Guiding Principles for Review
The guiding principles for review fit within the
values and principles outlined in Quality at Monash: Values and Principles.
In that document, seven key areas of values and principles are identified
including:
- creating the agenda in terms of fitness for
purpose;
- recognition that quality is the professional
responsibility of each individual and work group;
- the best way to effect quality assurance and
accountability is through continuous quality improvement based on
collaboration and the development of a learning organisation;
- a commitment to develop policy so as to assure
comparable treatment in all areas of the university, while leaving room
for different areas to develop implementation for their particular
contexts;
- the value of an open, thoughtful and complementary
approach to quality informed by international research and scholarship;
- a planned and systematic approach to quality
including ensuring that the results of monitoring and evaluation are fed
back in order to effect improvement;
- recognition that external points of reference
provide valuable perspectives for further reflection and action.
In addition to the values and principles outlined in
Quality at Monash, some of the most important guiding principles for review
are as follows.
The strategic directions of the university are of
central importance for all reviews.
Benchmarking leading to improvement is strongly
encouraged, as is input from stakeholders.
Support services reviews consider the effectiveness of
policies, planning, processes and procedures, particularly as they are
demonstrated through outcomes. Reviews
encourage a focus on outcomes.
Scope of Review
Support services provide essential infrastructure,
processes, policies and services for staff and students and enable faculties
to conduct the core business of the university.

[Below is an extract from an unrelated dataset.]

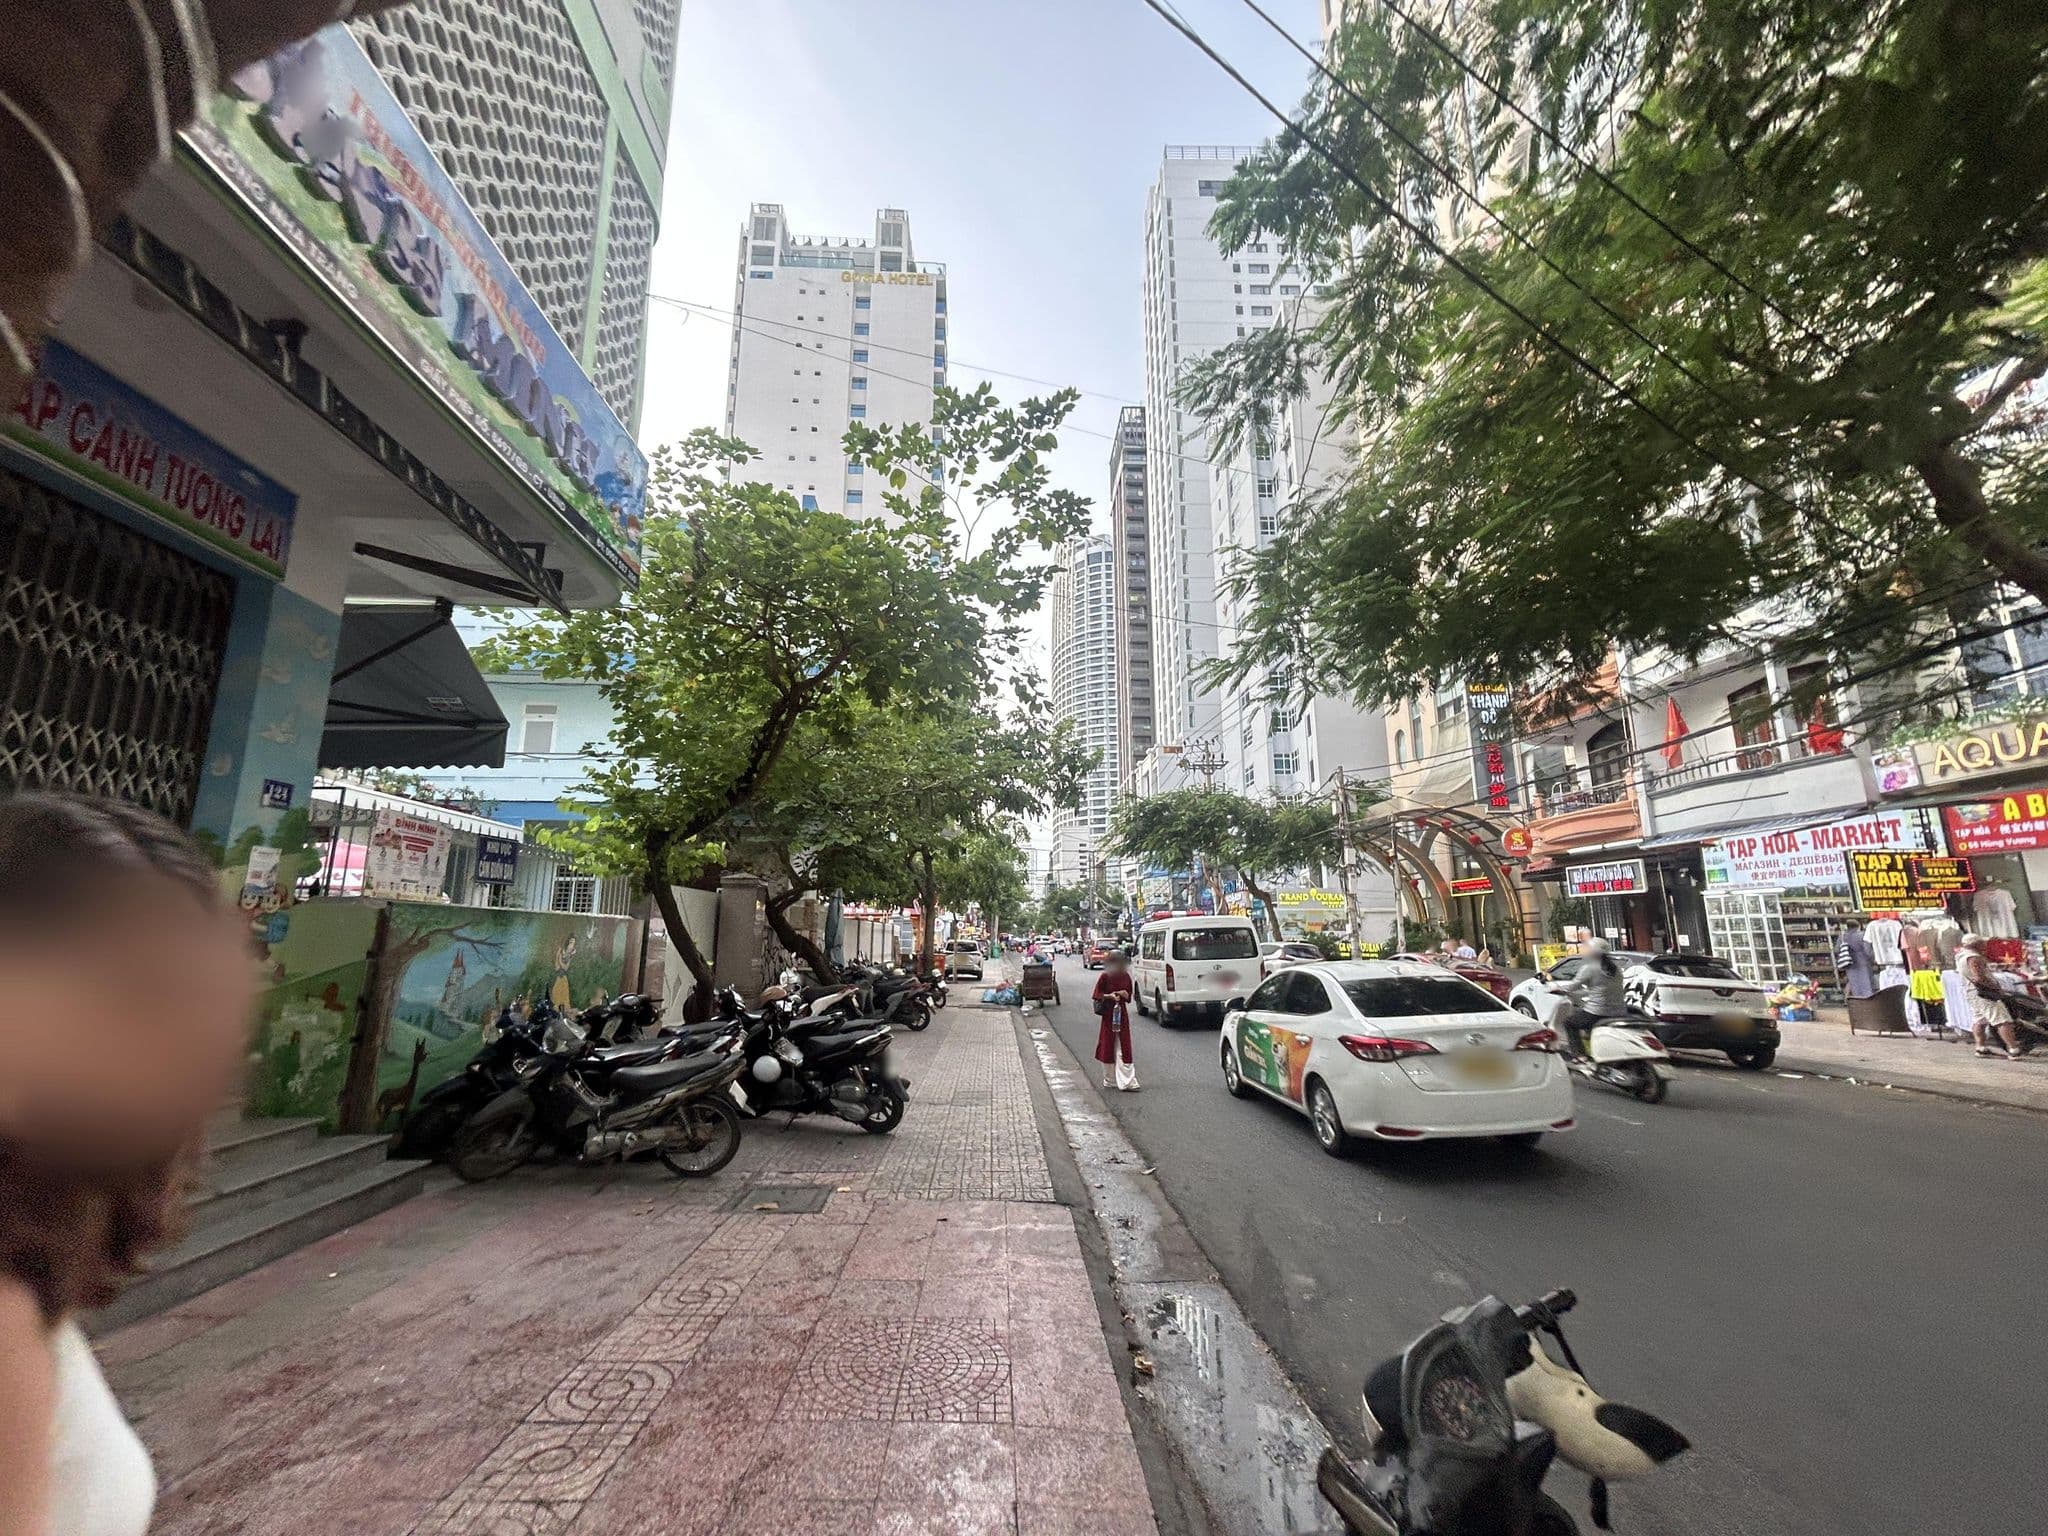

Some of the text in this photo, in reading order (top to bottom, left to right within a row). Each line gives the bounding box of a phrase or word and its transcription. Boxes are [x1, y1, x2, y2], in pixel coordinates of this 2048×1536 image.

Support services reviews therefore include: organisational structure,
management, quality assurance and improvement; human and physical resources,
including IT; core services; professional and community activities.

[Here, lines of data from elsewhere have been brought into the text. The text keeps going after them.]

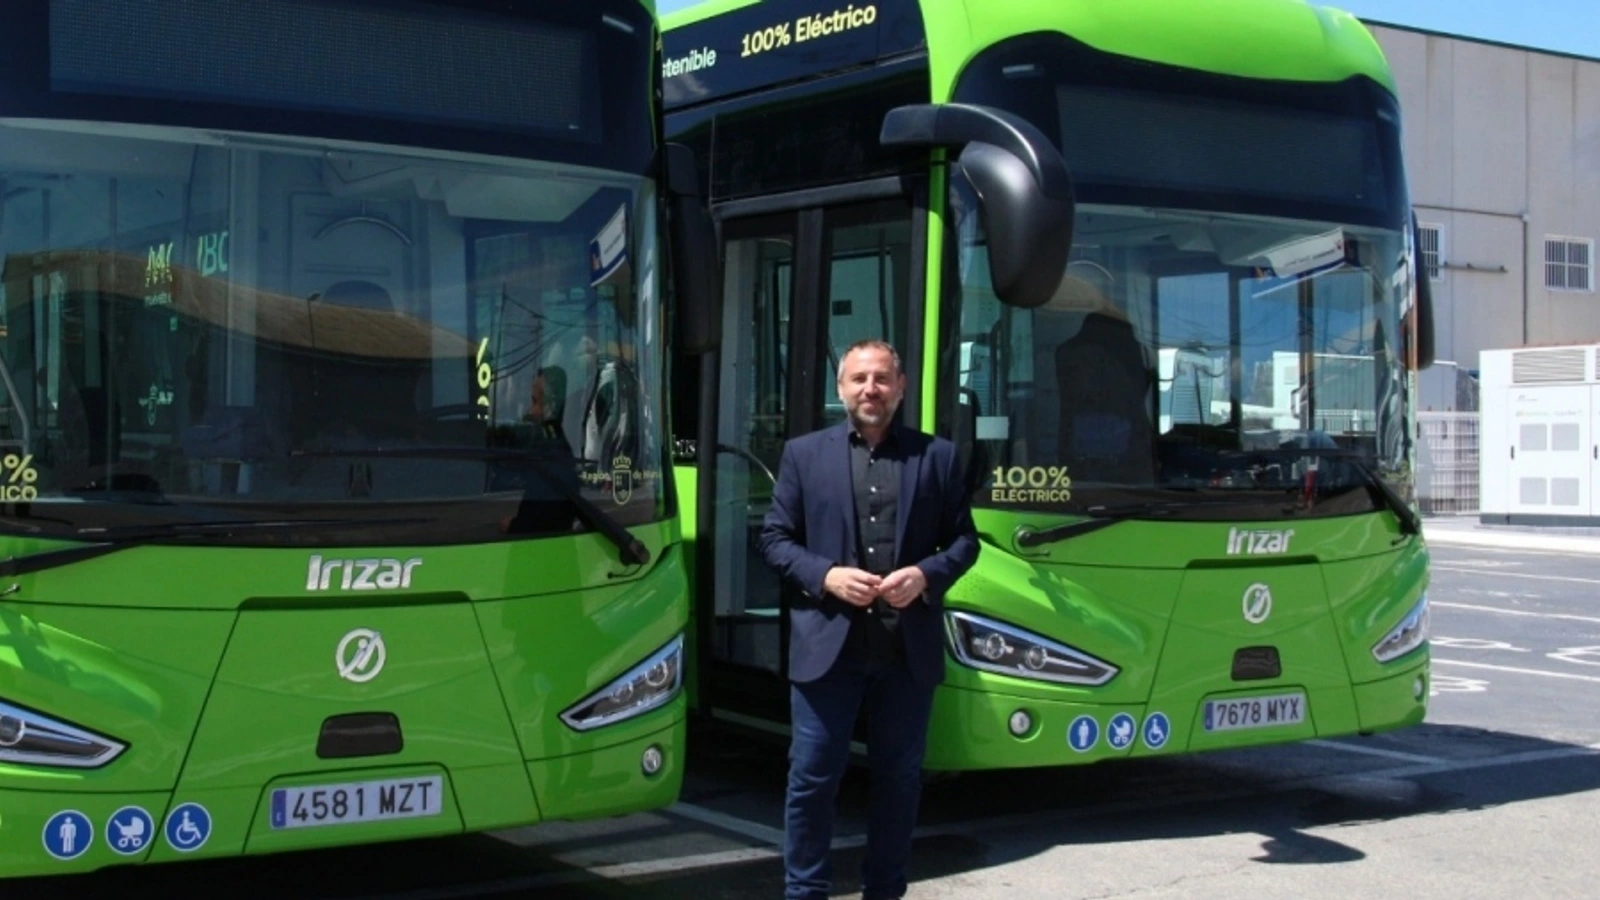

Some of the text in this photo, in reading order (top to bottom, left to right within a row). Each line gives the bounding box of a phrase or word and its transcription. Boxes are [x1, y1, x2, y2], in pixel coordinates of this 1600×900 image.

[740, 22, 791, 58] 100%
[795, 4, 877, 42] Eléctrico
[991, 465, 1071, 488] 100%
[1226, 526, 1295, 555] Irizar
[306, 555, 423, 591] Irizar
[1216, 697, 1300, 727] 7678 MYX
[292, 781, 433, 822] 4581 MZT

Reporting on progress towards key objectives may be
structured by using the four balanced scorecard perspectives of:
- customer service,
the extent to which customer
service is delivered and customer satisfaction is achieved;
- financial performance, the extent to which value
for money is delivered to the university;
- internal processes, the efficiency and
effectiveness of internal processes and procedures;
- learning and growth,
knowledge, skills, creativity and innovation within the area,
contributing to future growth and change.
Unit of Review
Deputy Vice-Chancellors with responsibility for
support services within their portfolios have the responsibility for
scheduling periodic reviews. The ‘unit’ for review may be a whole
division/centre, a unit/section or any combination of these.
Review Cycle
Each area of the university’s operations is normally
reviewed every 5 years although a shorter cycle is discretionary.
Information obtained from routine and more frequent performance feedback and
monitoring mechanisms (such as customer or client satisfaction surveys or
balanced scorecard reports) provides input to reviews.
Review Schedule
Each division/centre or unit publicises the schedule
of support services reviews on its web-site.
This information is also linked to (and therefore accessible from)
the Centre for Higher Education Quality (CHEQ) review website.
The review schedule includes all reviews planned during the 5 year
review cycle.
Support
Quality assurance and improvement is a core
responsibility for each support service and budgeting for review is
therefore part of the normal planning and budgeting process. Assistance in
briefing staff who will be involved in reviews is available from CHEQ.
Secretarial assistance for review panels may be negotiated through
CHEQ on a cost-recovery basis.
Terms of Reference
Terms of reference ensure consistency of review across
the institution. They also
ensure that reviews meet the requirements of, and are aligned with,
university strategic planning and policy documents. Divisions/centres or
units may also include other areas or issues not covered in the standard
terms of reference. The standard
terms of reference cover the areas of:
- organisational structure, management, quality
assurance and improvement;
- human and physical resources including IT;
- core services;
- professional and community activities.
A full list of the standard terms of reference is
included in Appendix I.
Self-Review
Self-review is the first phase of the review process.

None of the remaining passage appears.